United NationsDepartment of Economic and Social Affairs Sustainable Development

Policy briefing UN Open Working Group 11 Road traffic injury and the Post-2015 development agenda

Policy briefing UN Open Working Group 11
Road traffic injury and the Post-2015 development agenda
The reduction of road traffic fatalities and injuries has been recognised by the Post-2015 Open Working Group. Road safety has also been included by UN Secretary General Ban Ki-moon in his recommendations to the UN General Assembly on steps to advance the Post-2015 Agenda. UNGA has passed Res A/68/L.40 to consider road safety Post-2015. As recognised in the 7th OWG Session, safe and sustainable transport is vital for health, economic development and poverty eradication. It has cross cutting benefits, building on MDG progress in promoting health, protecting the environment and enabling people to access education, employment and services.
A Post-2015 target for reducing road traffic fatalities should be situated within a Health Goal as suggested by the UNSG and cross referenced when addressing key focus areas such as Urbanisation and Infrastructure: ‘By 2030 reduce road traffic injuries and fatalities globally by 50%’. The target is measurable, easy to communicate, inclusive and universal. It would contribute to wider health and sustainable development priorities.

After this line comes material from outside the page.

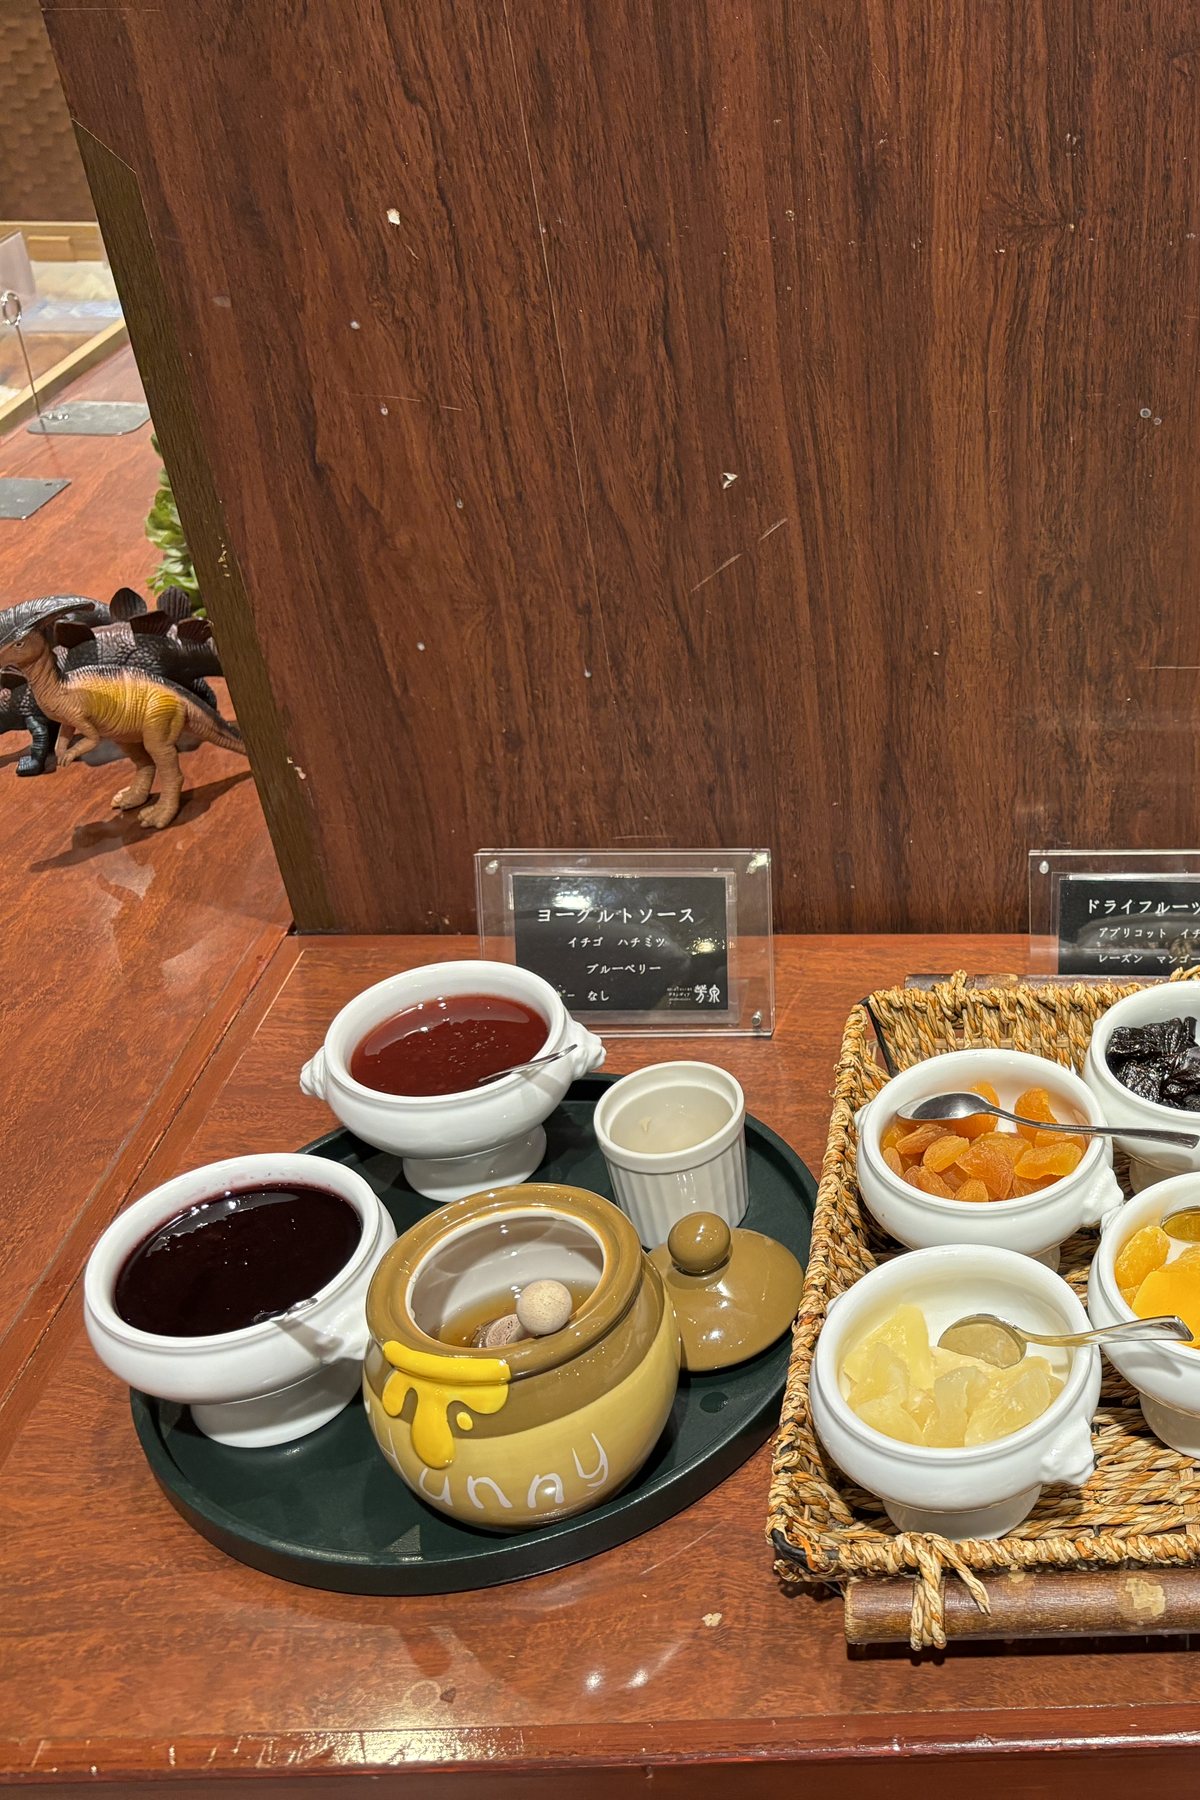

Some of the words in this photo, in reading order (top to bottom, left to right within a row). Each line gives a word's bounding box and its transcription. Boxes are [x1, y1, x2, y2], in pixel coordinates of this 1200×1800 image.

Road traffic injury: a global public health crisis
Recent research from the Global Burden of Disease shows the extent of the health burden, particularly on young people. As well as being the No.1 killer of young people aged 15-29 yrs. worldwide it is also the leading killer of boys of younger age groups and has a severe health impact on women. It is a leading cause of disability causing as many as 78.2 million injuries per year according to the GBD. The burden on health systems particularly in low and middle income countries is unsustainable. This crisis is preventable but requires global support and coordination for low and middle income countries to reverse the trend of rising. Coordination between health and transport sectors is essential.
A Post-2015 target for road traffic fatalities
Process indicators and proposed targets by country income cluster have been submitted to the Open Working Group in the Partnership for Low Carbon Transport (SLoCAT) Post-2015 Results Framework. This also outlines implementation and enabling measures in line with the Global Plan for the UN Decade of Action for Road Safety.
The proposed target by 2030 is to halve the burden of global road traffic crashes from the 2010 baseline in the WHO Global Status Report on Road Safety 2013.
• Fatalities target: By 2030, reducing the number of people killed on the world’s roads to less than 620,000 per year from the 2010 baseline of 1.24 million per year.
Fatality targets by country income cluster (the Results Framework also includes injury and economic targets by income level). Reduce road traffic fatality rates by 2030 to:
• Serious Injuries: By 2030, reduce the number of people seriously injured on the world’s roads to less than 6,200,000 per year from the 2010 baseline of 12.4 million per year.
• Economic Impact: By 2030, reduce the global economic impact of road crashes to less than 1.5% of GDP per year from the current 3% of GDP per year
Solutions for road safety are well known and have been proven effective: By addressing speeding, drink driving, seatbelt and helmet wearing and improving safety of vehicles and road infrastructure, several Australasian, Western European and North American countries have reduced road death rates by >70% in the last few decades despite increased motorisation.
Road safety and sustainable development
Together with mass transit systems, safe walking and cycling networks can create a cascade of health benefits: better pedestrian safety, improved physical activity and improved urban air quality. This would also assist in achieving a proposed Post-2015 target of bringing urban air pollution within WHO limits for an additional 1.5 billion urban residents by 2030.
An agenda for health, education and the eradication of poverty:
Low- and middle-income countries account for the majority (90%) of 1.24 million annual road traffic fatalities which are the No.1 cause of death for young people. The GBD 2010 Study and the WHO Global Status Report on Road Safety 2013 confirm the divide between developed and developing countries on road injury. Road deaths rose dramatically in SE Asia (66%), Central America (33%) and West Africa (112%) during the GBD period.
Road traffic injuries place an immense burden on health-care systems, diverting financial and human resources from other priorities. In many low and middle income countries road traffic injury accounts for a large number of trauma admissions, as much as 60% in some countries. Road traffic injuries weaken economic growth and the costs are borne disproportionately by the poor. The World Bank has estimated the cost of road traffic injuries at US$100bn, a figure representing 80% of OECD aid in 2009. Research has shown that a majority of urban and rural poor households with members suffering road traffic injury were not poor before the loss of a wage earner. And there is a devastating impact on education with hundreds of thousands of school-age children in low and middle-income countries losing their right to an education every year due to road traffic injury.